Referring expression grounding data

==========

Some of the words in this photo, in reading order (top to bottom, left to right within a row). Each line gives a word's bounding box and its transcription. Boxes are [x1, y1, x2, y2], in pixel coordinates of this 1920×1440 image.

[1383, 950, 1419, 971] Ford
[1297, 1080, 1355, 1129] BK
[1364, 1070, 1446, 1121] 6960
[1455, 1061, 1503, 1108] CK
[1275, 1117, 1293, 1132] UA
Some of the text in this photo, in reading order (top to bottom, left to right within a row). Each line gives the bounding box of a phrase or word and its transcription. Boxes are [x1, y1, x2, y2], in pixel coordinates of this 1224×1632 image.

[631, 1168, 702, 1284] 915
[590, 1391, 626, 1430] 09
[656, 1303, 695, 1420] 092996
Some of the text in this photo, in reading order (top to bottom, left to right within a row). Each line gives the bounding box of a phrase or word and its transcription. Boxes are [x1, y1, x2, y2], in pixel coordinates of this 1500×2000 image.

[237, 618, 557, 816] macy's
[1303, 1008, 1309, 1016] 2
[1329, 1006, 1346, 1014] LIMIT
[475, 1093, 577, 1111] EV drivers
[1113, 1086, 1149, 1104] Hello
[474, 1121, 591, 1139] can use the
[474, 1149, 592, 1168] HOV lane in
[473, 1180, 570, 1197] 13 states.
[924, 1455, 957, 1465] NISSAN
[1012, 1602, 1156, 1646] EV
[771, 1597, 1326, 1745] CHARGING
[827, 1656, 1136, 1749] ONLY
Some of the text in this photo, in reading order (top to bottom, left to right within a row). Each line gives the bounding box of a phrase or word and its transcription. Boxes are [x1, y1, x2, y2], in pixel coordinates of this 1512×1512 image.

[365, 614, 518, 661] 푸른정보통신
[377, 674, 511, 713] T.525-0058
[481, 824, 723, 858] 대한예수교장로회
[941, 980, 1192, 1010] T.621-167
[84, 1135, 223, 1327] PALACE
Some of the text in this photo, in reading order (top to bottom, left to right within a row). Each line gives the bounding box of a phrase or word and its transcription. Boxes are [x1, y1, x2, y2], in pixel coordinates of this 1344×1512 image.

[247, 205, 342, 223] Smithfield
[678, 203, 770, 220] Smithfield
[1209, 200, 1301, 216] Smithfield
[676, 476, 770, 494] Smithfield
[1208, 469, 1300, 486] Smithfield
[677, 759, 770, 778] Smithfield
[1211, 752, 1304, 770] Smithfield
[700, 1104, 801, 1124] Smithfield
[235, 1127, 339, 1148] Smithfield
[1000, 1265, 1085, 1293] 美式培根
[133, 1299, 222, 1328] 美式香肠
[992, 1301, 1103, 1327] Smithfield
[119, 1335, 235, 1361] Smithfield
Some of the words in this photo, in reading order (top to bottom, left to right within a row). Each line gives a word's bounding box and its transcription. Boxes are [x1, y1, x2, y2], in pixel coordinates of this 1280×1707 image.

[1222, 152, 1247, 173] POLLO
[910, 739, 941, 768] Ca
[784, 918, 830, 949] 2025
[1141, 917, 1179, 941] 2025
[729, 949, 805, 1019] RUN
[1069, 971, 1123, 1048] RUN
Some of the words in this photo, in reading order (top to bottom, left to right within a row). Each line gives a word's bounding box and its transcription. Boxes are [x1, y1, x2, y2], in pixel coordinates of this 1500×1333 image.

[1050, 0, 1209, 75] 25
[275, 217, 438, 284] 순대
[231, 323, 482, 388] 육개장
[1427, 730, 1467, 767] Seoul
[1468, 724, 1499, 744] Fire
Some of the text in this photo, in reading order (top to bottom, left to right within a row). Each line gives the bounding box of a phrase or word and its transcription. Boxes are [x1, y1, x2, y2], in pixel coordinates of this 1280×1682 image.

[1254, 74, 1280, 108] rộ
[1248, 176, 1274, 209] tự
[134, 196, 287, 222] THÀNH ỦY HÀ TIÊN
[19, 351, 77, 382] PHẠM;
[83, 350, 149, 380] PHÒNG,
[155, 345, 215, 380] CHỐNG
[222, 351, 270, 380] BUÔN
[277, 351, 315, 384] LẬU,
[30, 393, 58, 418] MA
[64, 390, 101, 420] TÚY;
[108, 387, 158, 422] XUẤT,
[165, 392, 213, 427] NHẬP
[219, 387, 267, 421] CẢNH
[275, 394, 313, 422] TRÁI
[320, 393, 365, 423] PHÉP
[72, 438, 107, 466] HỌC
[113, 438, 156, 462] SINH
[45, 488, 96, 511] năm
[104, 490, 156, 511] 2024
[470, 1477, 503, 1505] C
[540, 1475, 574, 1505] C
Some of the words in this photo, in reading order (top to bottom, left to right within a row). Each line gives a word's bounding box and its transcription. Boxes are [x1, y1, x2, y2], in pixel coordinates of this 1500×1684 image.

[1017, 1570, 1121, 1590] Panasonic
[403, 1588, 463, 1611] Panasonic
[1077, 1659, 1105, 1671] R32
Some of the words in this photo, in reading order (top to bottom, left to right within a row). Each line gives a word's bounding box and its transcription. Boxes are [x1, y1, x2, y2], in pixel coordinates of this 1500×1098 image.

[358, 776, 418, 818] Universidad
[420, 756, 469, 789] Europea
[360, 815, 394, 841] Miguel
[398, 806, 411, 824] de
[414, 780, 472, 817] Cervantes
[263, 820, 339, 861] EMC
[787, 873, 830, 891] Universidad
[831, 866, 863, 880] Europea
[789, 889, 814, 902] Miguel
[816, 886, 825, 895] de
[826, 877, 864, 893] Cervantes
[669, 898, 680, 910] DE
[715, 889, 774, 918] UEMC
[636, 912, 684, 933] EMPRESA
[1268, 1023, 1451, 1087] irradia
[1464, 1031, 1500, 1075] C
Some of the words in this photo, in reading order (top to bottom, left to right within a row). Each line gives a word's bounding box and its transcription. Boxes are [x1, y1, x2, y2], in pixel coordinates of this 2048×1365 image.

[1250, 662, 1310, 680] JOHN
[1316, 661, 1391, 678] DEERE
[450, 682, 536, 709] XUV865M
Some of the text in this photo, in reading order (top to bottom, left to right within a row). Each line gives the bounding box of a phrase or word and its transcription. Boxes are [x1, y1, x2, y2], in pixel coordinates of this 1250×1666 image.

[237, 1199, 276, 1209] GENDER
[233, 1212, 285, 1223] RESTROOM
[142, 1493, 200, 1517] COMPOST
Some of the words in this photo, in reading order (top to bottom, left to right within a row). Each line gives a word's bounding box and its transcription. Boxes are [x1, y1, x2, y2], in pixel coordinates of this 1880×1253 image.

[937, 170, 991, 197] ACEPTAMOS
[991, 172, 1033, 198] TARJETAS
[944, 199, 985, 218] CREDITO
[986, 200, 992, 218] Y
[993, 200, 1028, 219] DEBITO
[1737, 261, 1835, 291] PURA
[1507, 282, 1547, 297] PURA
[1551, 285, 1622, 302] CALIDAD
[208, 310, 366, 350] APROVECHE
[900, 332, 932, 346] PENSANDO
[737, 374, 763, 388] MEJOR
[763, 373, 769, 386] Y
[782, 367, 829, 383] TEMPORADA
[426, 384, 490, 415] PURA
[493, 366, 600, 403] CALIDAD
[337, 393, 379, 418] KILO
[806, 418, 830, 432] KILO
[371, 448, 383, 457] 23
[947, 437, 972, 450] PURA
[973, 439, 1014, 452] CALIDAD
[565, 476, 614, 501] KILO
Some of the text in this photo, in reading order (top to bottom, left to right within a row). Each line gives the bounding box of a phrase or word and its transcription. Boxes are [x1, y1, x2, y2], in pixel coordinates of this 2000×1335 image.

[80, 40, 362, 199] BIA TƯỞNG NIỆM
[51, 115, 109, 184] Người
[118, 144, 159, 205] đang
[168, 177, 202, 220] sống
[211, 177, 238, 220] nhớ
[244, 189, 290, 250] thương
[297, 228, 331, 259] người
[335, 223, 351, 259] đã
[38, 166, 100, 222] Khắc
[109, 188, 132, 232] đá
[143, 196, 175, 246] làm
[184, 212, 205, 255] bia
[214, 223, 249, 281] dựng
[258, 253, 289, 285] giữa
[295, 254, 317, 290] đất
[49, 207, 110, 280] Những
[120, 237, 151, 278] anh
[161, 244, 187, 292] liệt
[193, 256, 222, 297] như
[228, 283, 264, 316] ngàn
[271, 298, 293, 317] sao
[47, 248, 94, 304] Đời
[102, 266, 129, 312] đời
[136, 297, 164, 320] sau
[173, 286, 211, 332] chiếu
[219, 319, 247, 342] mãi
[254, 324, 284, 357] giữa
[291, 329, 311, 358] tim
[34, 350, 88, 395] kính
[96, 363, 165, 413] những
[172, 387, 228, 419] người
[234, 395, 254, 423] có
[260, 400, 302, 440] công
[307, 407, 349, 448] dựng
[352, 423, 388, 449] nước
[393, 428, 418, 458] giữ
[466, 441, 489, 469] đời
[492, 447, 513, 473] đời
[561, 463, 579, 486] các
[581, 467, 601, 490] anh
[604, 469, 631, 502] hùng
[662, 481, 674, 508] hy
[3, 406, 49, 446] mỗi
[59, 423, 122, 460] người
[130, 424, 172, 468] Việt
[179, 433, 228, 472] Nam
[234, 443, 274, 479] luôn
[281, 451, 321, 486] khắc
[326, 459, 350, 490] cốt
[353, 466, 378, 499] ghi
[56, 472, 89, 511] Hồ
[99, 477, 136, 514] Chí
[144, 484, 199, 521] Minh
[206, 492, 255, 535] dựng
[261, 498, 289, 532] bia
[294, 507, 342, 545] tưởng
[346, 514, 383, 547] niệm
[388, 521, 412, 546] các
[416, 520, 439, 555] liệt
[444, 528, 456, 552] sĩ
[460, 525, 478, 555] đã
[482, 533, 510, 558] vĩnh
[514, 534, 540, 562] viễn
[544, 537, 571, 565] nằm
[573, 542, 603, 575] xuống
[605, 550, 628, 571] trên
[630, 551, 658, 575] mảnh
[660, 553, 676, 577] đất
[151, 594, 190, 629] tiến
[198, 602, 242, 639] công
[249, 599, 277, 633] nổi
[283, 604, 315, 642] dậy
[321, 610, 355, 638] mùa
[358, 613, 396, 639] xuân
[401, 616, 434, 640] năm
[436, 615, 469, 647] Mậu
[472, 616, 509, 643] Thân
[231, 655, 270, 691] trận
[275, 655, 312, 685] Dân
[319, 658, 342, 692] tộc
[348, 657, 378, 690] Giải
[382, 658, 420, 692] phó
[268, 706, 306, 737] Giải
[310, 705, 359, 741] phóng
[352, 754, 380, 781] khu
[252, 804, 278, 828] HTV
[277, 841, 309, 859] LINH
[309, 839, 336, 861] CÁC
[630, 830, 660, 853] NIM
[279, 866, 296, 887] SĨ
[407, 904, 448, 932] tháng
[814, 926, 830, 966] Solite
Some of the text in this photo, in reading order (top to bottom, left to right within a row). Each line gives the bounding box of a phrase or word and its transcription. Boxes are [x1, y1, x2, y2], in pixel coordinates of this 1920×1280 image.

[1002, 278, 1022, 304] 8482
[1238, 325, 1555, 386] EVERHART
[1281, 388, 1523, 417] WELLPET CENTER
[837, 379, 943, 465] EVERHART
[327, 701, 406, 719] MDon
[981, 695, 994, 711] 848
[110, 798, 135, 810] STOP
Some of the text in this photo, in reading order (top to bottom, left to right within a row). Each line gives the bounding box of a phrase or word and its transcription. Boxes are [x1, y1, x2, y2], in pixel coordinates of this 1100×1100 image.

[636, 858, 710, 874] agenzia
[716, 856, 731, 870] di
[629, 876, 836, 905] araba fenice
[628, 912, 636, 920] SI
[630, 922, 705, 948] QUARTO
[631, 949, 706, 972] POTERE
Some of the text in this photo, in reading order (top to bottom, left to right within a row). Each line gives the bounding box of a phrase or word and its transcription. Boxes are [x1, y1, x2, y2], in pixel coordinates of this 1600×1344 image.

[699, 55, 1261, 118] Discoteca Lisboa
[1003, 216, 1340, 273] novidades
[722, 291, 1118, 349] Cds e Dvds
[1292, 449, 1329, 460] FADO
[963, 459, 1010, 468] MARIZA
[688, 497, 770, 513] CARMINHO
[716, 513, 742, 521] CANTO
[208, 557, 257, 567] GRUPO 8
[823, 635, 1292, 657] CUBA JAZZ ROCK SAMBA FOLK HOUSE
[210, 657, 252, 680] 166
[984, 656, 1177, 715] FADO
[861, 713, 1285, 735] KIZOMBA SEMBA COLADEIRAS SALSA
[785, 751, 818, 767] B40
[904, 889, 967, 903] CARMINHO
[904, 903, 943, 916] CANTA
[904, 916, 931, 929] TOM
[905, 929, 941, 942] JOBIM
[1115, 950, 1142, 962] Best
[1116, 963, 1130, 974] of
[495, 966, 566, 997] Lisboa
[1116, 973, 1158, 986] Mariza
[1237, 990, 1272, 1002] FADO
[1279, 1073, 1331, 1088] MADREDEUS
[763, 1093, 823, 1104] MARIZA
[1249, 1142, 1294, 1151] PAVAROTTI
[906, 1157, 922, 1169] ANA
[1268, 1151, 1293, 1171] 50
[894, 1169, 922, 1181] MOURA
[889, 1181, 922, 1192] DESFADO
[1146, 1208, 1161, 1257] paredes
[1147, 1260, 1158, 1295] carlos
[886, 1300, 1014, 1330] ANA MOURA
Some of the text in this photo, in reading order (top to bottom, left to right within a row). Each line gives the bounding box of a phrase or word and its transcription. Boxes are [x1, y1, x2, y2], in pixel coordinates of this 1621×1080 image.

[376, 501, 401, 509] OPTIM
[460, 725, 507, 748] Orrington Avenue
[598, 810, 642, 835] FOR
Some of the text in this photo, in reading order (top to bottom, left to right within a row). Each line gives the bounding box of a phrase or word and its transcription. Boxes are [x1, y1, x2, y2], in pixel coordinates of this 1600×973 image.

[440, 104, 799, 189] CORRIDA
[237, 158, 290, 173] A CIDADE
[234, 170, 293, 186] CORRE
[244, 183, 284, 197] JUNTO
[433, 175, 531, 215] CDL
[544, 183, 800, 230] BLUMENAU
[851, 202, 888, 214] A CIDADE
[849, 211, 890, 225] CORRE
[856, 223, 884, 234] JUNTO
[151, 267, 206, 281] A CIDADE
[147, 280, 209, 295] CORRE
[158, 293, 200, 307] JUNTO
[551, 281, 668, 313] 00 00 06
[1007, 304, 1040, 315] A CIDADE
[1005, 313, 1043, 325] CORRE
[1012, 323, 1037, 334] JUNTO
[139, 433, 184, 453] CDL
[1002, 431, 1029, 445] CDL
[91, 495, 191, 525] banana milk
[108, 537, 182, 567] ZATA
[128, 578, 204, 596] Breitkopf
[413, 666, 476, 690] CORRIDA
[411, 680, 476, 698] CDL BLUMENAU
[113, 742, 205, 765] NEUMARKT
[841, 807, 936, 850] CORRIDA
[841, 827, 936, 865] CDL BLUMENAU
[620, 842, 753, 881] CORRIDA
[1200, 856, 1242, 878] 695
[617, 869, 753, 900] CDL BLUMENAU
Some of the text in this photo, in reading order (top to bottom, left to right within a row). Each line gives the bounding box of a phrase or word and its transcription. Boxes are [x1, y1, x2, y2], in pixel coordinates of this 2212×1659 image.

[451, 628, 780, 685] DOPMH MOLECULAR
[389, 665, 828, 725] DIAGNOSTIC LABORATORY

==========

- **Exercise brief**: The span to print begins at the line containing "this 2212×1659 image." and ends at the final line of the entries; print it exactly and print nothing else.

- **Completed exercise**:
Some of the text in this photo, in reading order (top to bottom, left to right within a row). Each line gives the bounding box of a phrase or word and its transcription. Boxes are [x1, y1, x2, y2], in pixel coordinates of this 2212×1659 image.

[451, 628, 780, 685] DOPMH MOLECULAR
[389, 665, 828, 725] DIAGNOSTIC LABORATORY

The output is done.